Bu olayı çözmek için aslında süreci ta 2015'ten itibaren ele almamız gerekir. Göreve getirilen sportif direktör Giuliano Terraneo, Robin Van Persie transferi, 42 milyon avroluk transfer harcaması rekoru ve kaçan şampiyonluk. Ama o kadar uzağa gitmeye niyetim yok. Geçen sezondan itibaren bir düşünelim. Protesto amacıyla tribünlerden kaçan taraftar, sosyal medyada neredeyse uluslararası bir kampanyaya dönüşen “Aziz Yıldırım istifa” çağrıları, hayali kurulan başkan Ali Koç ve ardından gelen seçim.

Bugün gelinen noktaya bakıldığında biraz da sosyal medyanın büyüttüğü dalgayla, sportif anlamda alınan sonuçla alakalı bir durum söz konusu. Fenerbahçe, sezonun başında iyi oynadığı maçları kazanamadı, bu ise ivmenin negatif yöne doğru yol almasına neden oldu. Zaten takım sporları, futbol veya basketbol hiç fark etmez, tamamen ivme meselesidir. Bir maçı zar zor, tesadüfen bile kazanmanız bir sonraki maça kazanma psikolojisiyle çıkmanıza neden oluyor. Bu da daha istekli ve daha iyi oynamanıza yardımcı oluyor. Dönelim Fenerbahçe'ye.

Birkaç gündür arkama yaslandım, medyada gazetecilerin ve yorumcuların anlattıklarına kulak verdim. İki genel görüş vardı çoğunlukta.
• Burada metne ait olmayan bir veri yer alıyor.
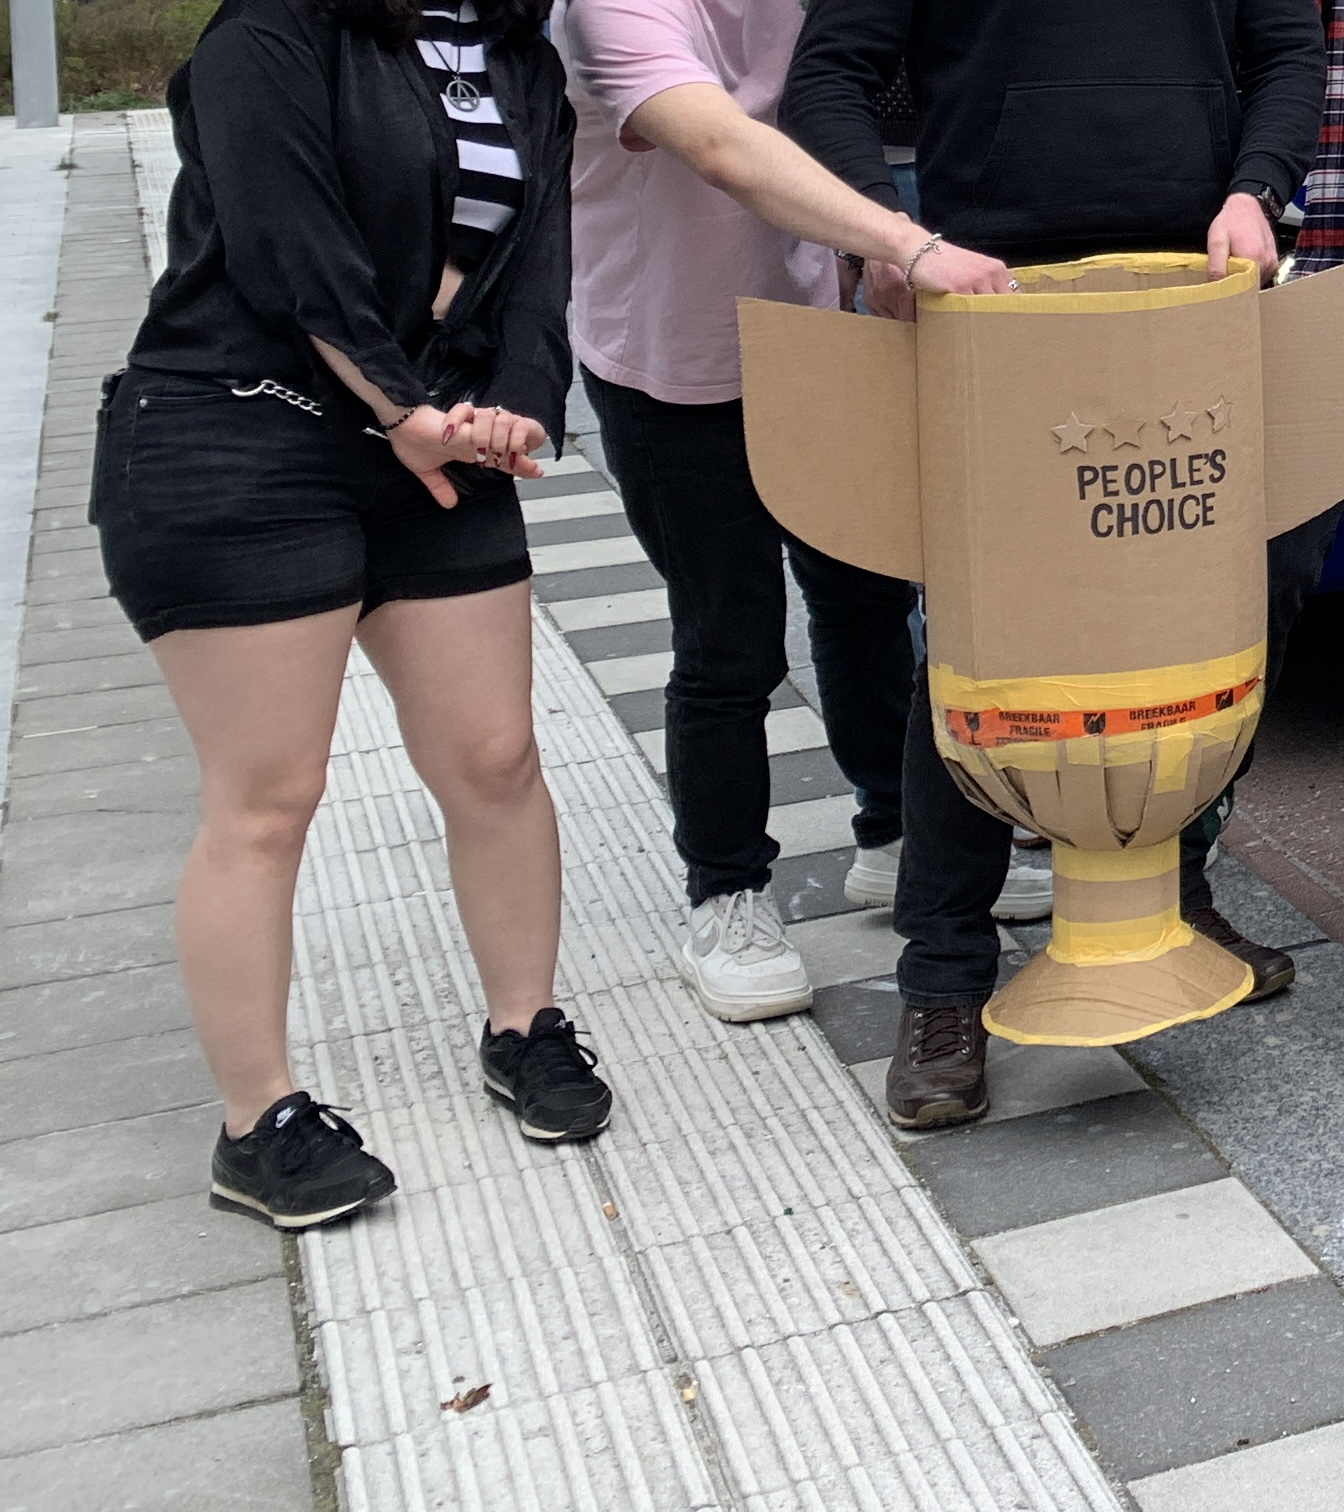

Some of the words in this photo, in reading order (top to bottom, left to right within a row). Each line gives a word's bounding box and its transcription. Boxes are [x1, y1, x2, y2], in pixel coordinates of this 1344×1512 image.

Bir, “Cocu'yla zaten bu işin olmayacağı belliydi” görüşündekiler. İki, “Cocu ne yapsın Fenerbahçe'nin kadrosu bu kadar” diye düşünenler. Aslında bence bu iki görüşün de doğruluk payı var. Her ne kadar iki ayrı zıt bakış açısı olsa da ilişkili iki görüş bunlar.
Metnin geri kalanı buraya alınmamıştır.